## [Work required]
Drop the images; return everything else in the listing below exactly.

****

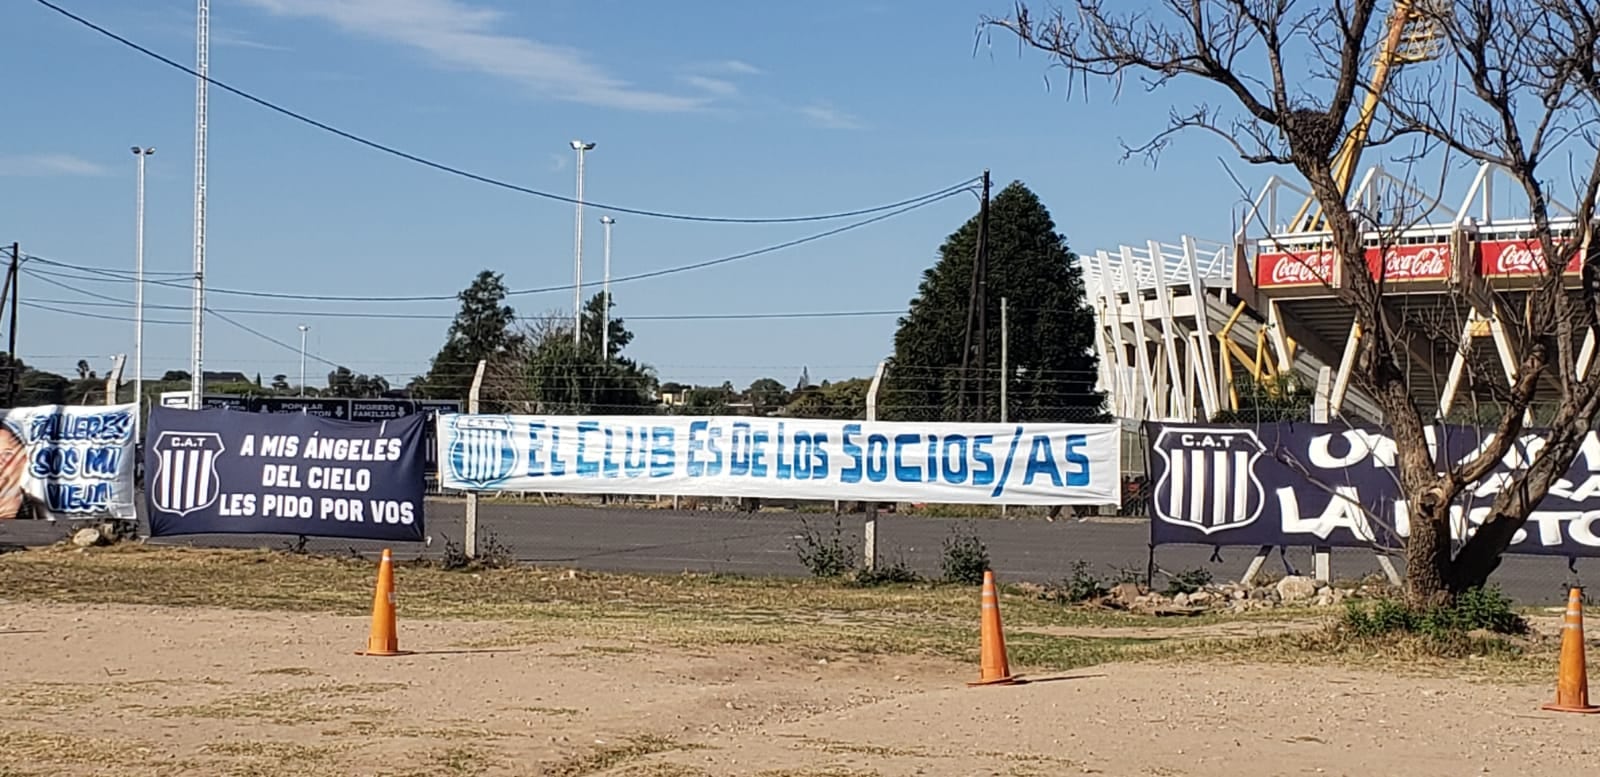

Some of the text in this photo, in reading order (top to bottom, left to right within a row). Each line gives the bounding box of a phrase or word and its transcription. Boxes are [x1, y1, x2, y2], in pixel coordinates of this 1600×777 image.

[352, 410, 397, 418] FAMILIAS
[354, 403, 396, 411] INGRESO
[30, 412, 130, 442] TALLERES
[34, 447, 119, 475] SOS MI
[240, 431, 402, 462] A MIS ÁNGELES
[527, 420, 1091, 497] EL CLUB ES DE LOS SOCIOS/AS
[262, 464, 371, 492] DEL CIELO
[219, 494, 414, 525] LES PIDO POR VOS
[1276, 486, 1377, 542] LA
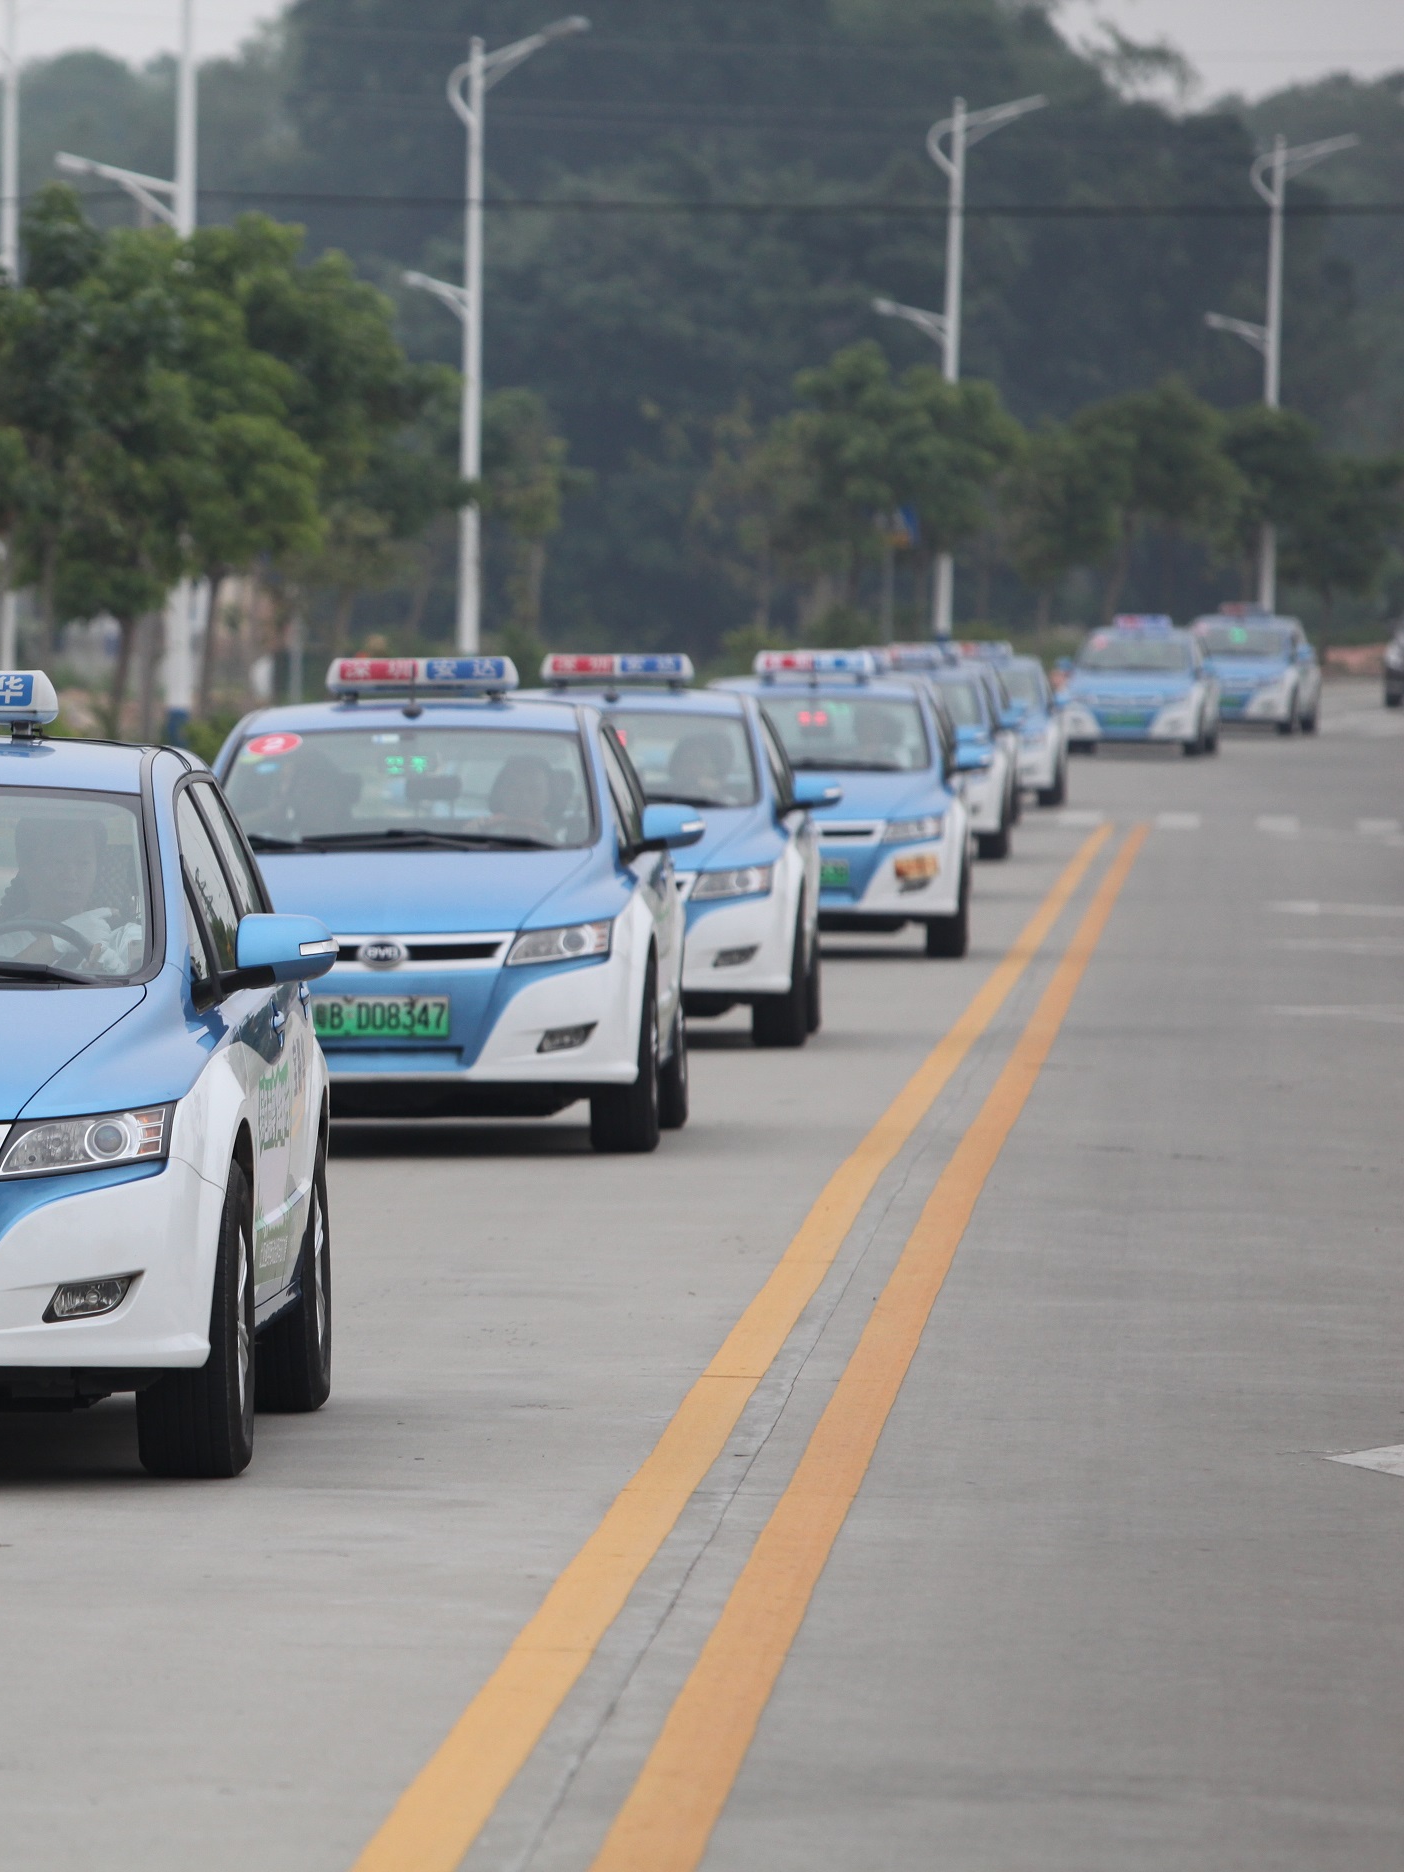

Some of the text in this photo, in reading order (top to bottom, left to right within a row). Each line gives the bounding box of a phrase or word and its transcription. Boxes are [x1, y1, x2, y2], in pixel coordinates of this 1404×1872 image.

****

## [Written solution]
Some of the text in this photo, in reading order (top to bottom, left to right within a row). Each line gives the bounding box of a phrase or word and its transcription. Boxes are [x1, y1, x2, y2], in pixel coordinates of this 1600×777 image.

[352, 410, 397, 418] FAMILIAS
[354, 403, 396, 411] INGRESO
[30, 412, 130, 442] TALLERES
[34, 447, 119, 475] SOS MI
[240, 431, 402, 462] A MIS ÁNGELES
[527, 420, 1091, 497] EL CLUB ES DE LOS SOCIOS/AS
[262, 464, 371, 492] DEL CIELO
[219, 494, 414, 525] LES PIDO POR VOS
[1276, 486, 1377, 542] LA

Some of the text in this photo, in reading order (top to bottom, left to right within a row). Each line gives the bounding box of a phrase or word and its transcription. Boxes are [x1, y1, x2, y2], in pixel coordinates of this 1404×1872 image.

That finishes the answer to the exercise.